Task goal:
I'd like the line containing "Some of the words" and every line below it, to the end of the material, repeated exactly and with nothing else.

Recorded information:
= Beginning of Section =

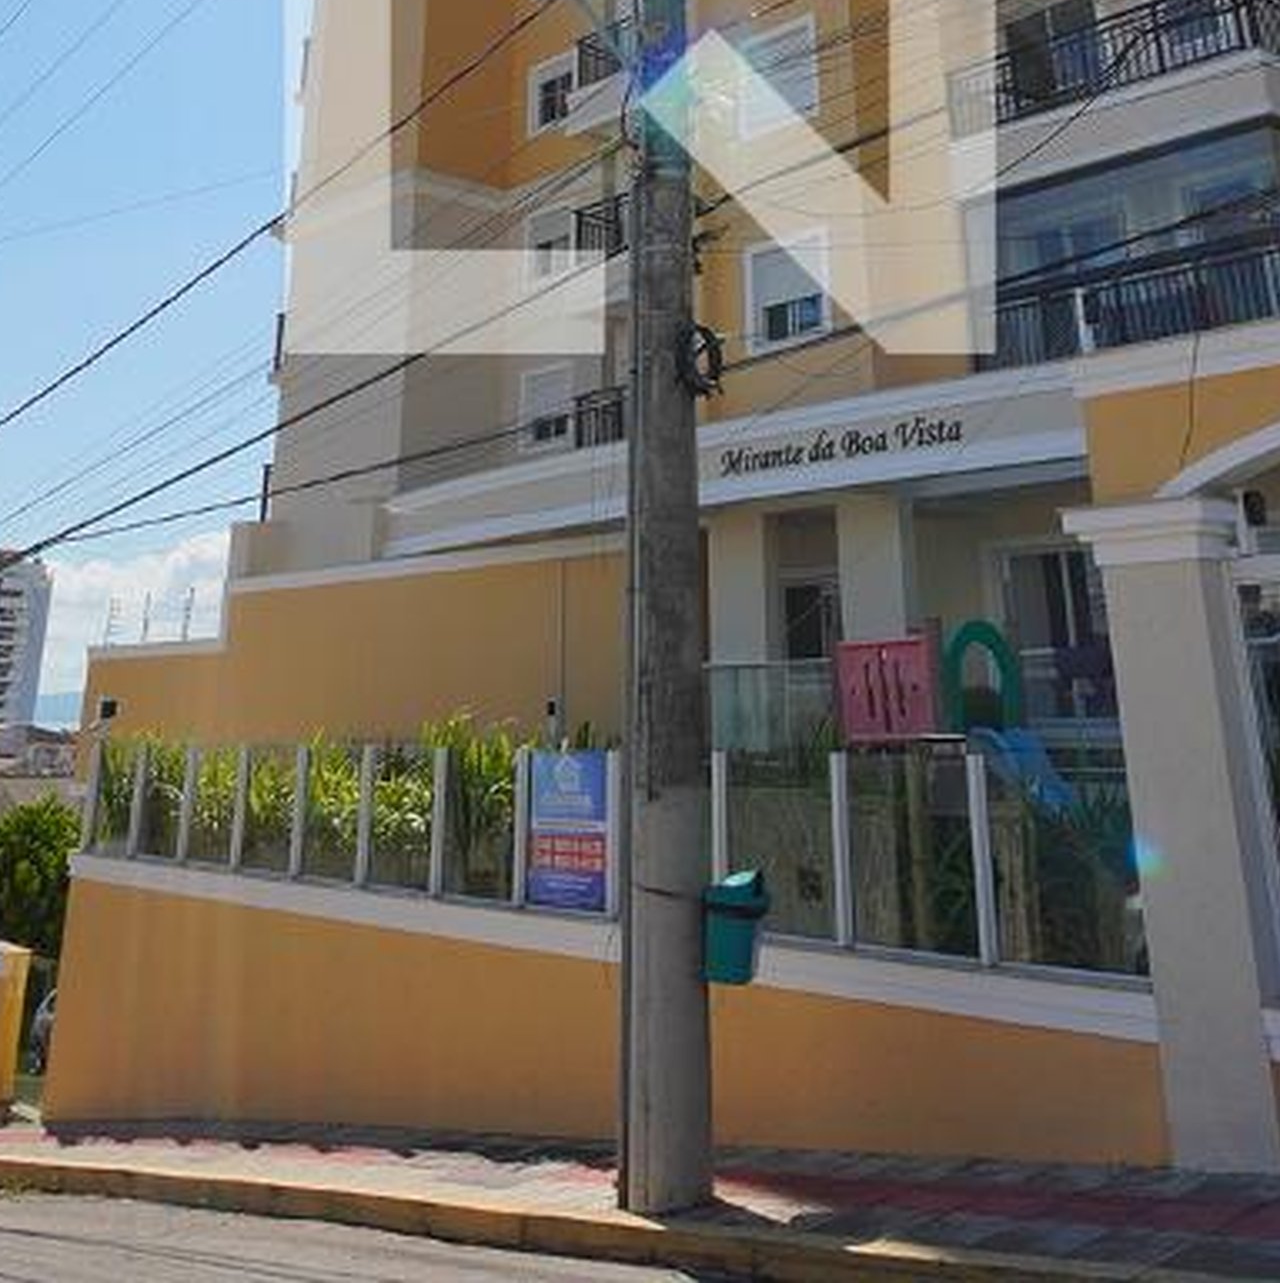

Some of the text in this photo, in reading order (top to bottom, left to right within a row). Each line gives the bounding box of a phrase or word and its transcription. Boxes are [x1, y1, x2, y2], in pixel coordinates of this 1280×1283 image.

[721, 416, 963, 477] Mirante da Boa Vista
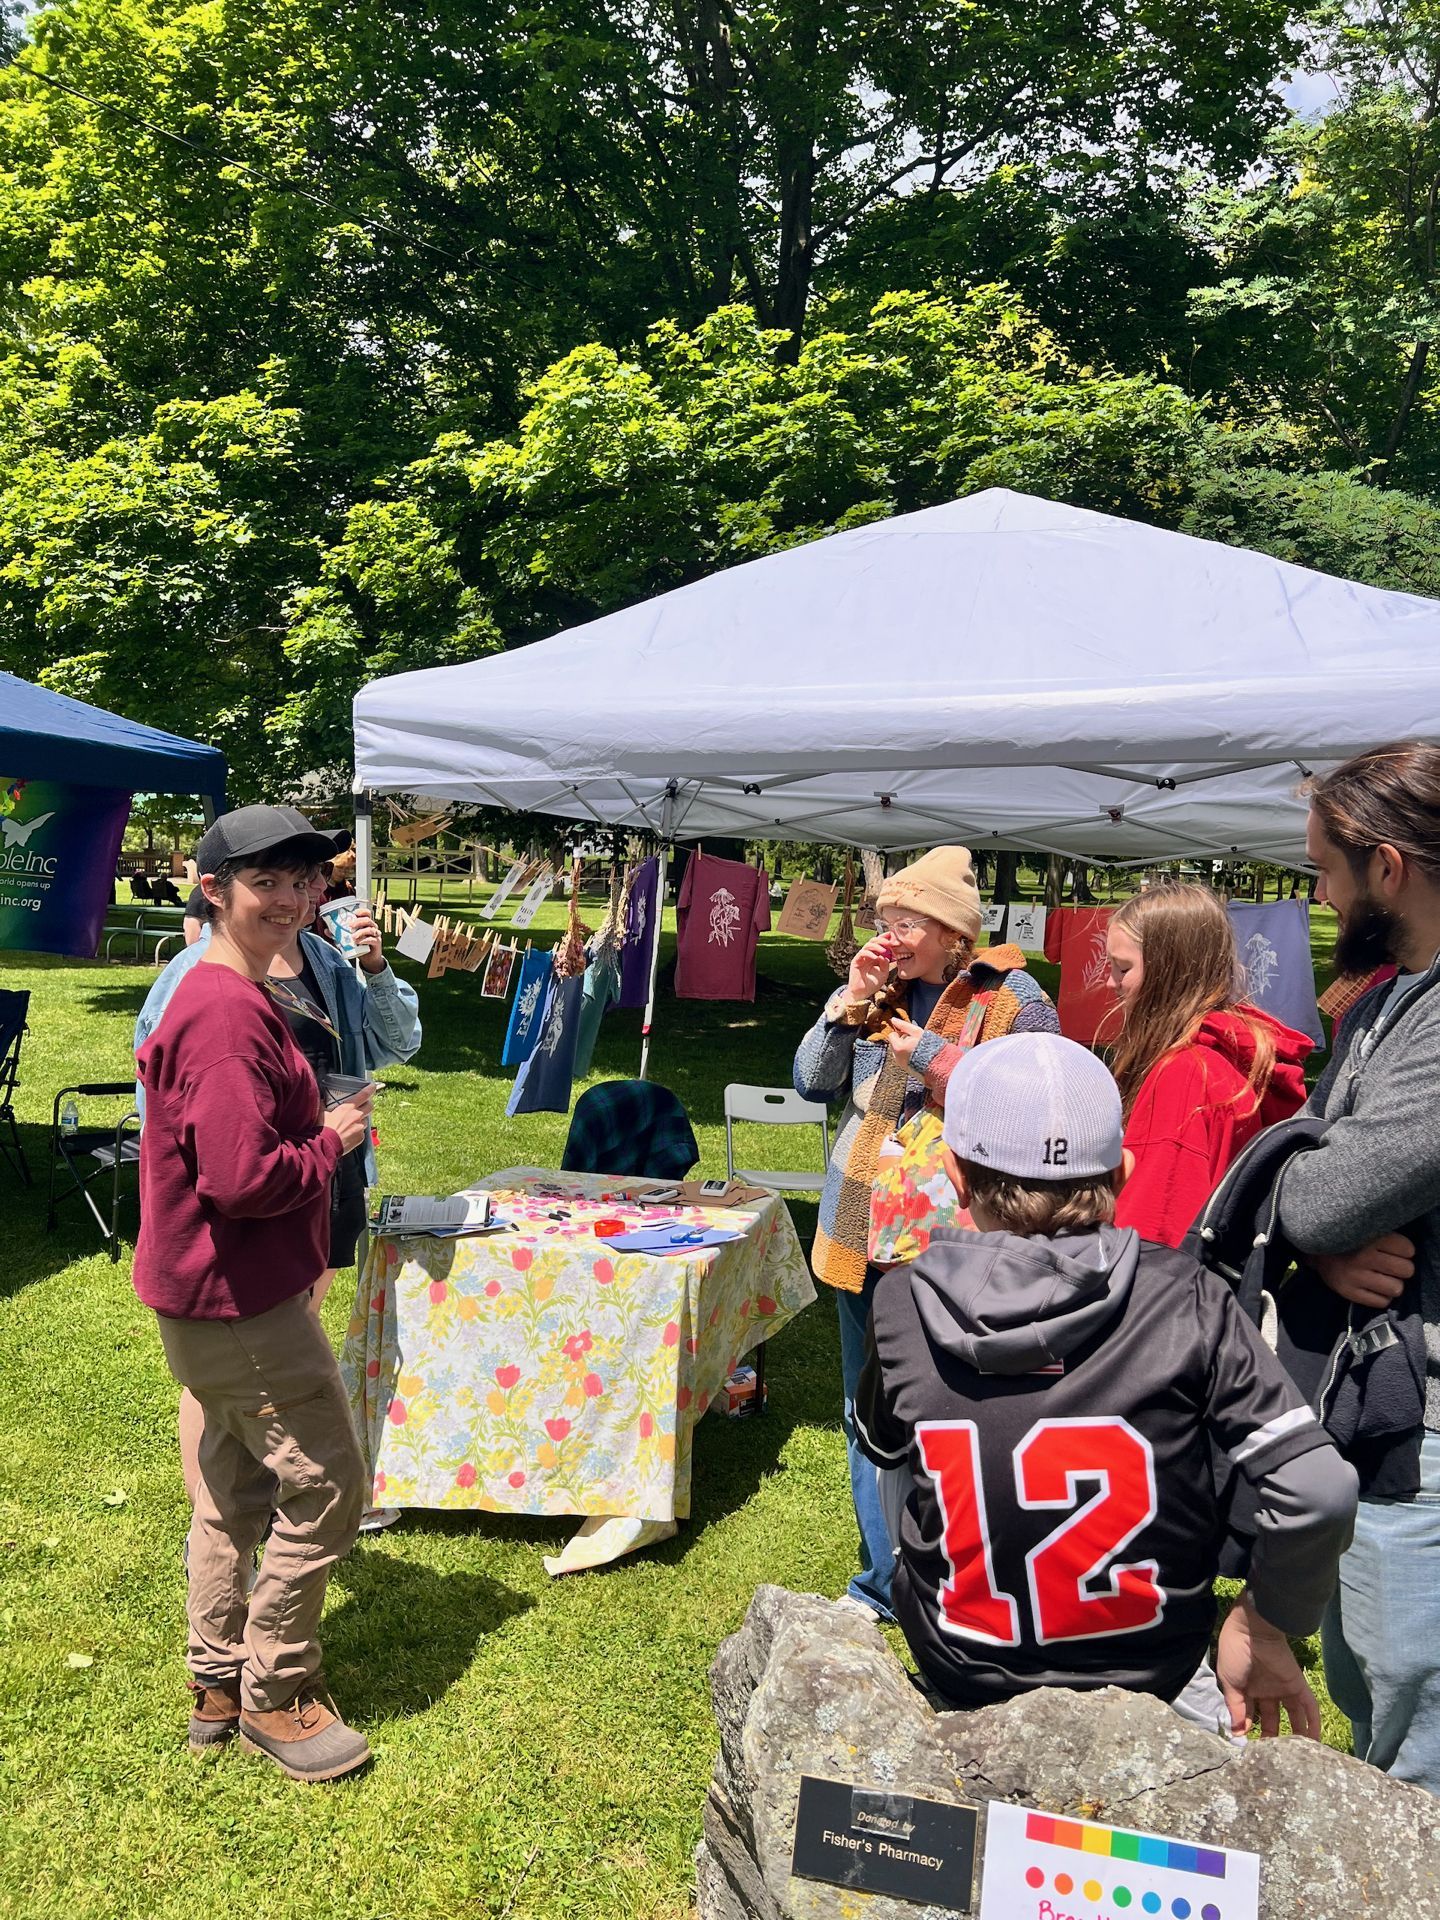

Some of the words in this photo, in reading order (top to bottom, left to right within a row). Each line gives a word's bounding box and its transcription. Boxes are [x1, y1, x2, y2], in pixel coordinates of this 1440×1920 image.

[16, 880, 38, 888] opens
[40, 882, 50, 890] up
[0, 893, 41, 911] inc.org
[1043, 1137, 1068, 1165] 12
[915, 1416, 1167, 1646] 12
[857, 1811, 899, 1830] Donated
[902, 1821, 915, 1834] by
[822, 1830, 872, 1853] Fisher's
[878, 1842, 943, 1871] Pharmacy

= End of Section =

Solved exercise:
Some of the words in this photo, in reading order (top to bottom, left to right within a row). Each line gives a word's bounding box and its transcription. Boxes are [x1, y1, x2, y2], in pixel coordinates of this 1440×1920 image.

[16, 880, 38, 888] opens
[40, 882, 50, 890] up
[0, 893, 41, 911] inc.org
[1043, 1137, 1068, 1165] 12
[915, 1416, 1167, 1646] 12
[857, 1811, 899, 1830] Donated
[902, 1821, 915, 1834] by
[822, 1830, 872, 1853] Fisher's
[878, 1842, 943, 1871] Pharmacy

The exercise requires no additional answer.